Another thing that I'm doing is reading this book called 'Japanese in Mangaland.' The approach is to learn Japanese from manga text. Its funny for me because reading manga inspired me to learn Japanese. Anyways, this approach is more for the independent learner. It is not structured like a textbook but I think the chapters are written well. I'm reading the first book (there are three books in the series) and what I can tell that the author covers all the Japanese grammar points well. His examples and ex plantations are simple and easy to grasp. The manga pictures chosen for tho book could have been better (when it comes to manga illustrations I'm picky.) I like the fact that he goes into detail about the culture and history of Japan while explaining the grammar notes.

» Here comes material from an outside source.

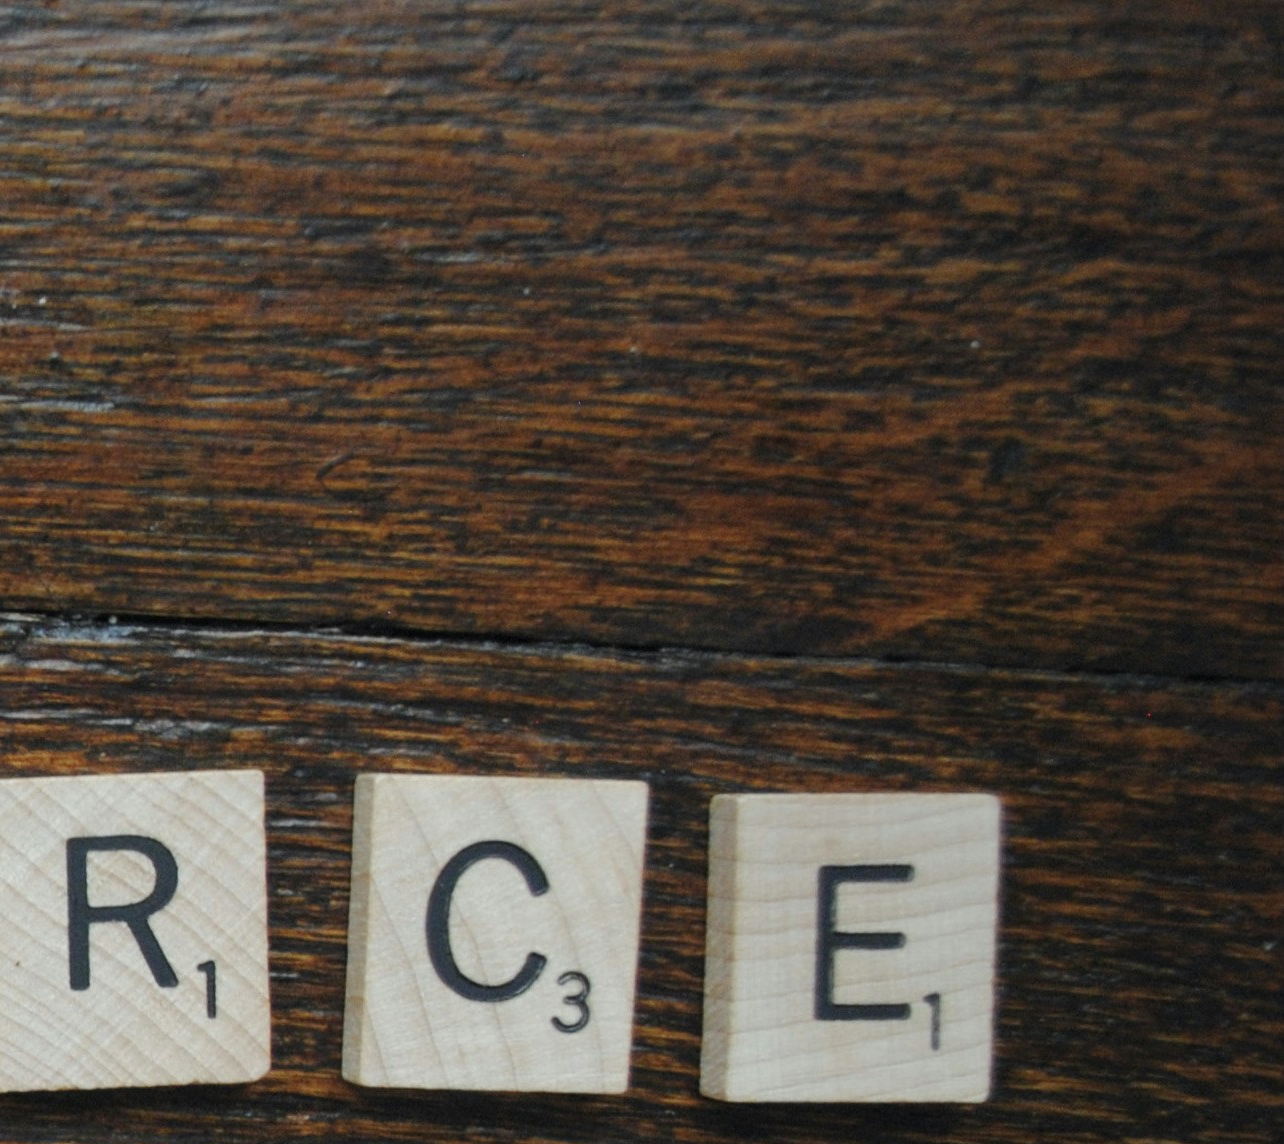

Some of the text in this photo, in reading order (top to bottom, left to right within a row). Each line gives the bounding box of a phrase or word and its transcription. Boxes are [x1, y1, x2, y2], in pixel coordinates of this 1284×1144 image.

Otherwise, reading this book is a good introduction for learning Japanese but to be a serious student you have to have some structure in your learning eventually. Interesting note: The book was originally written in Spanish!Study Abroad to do list
1) Try to get Visa...again
2) Apparently, my parents have a new health insurance plan. Now I have to call them to see what my coverage is for studying abroad.
3) umm...Start packing?
4) Practice writing complete sentences in Japanese...もう、書いてみて。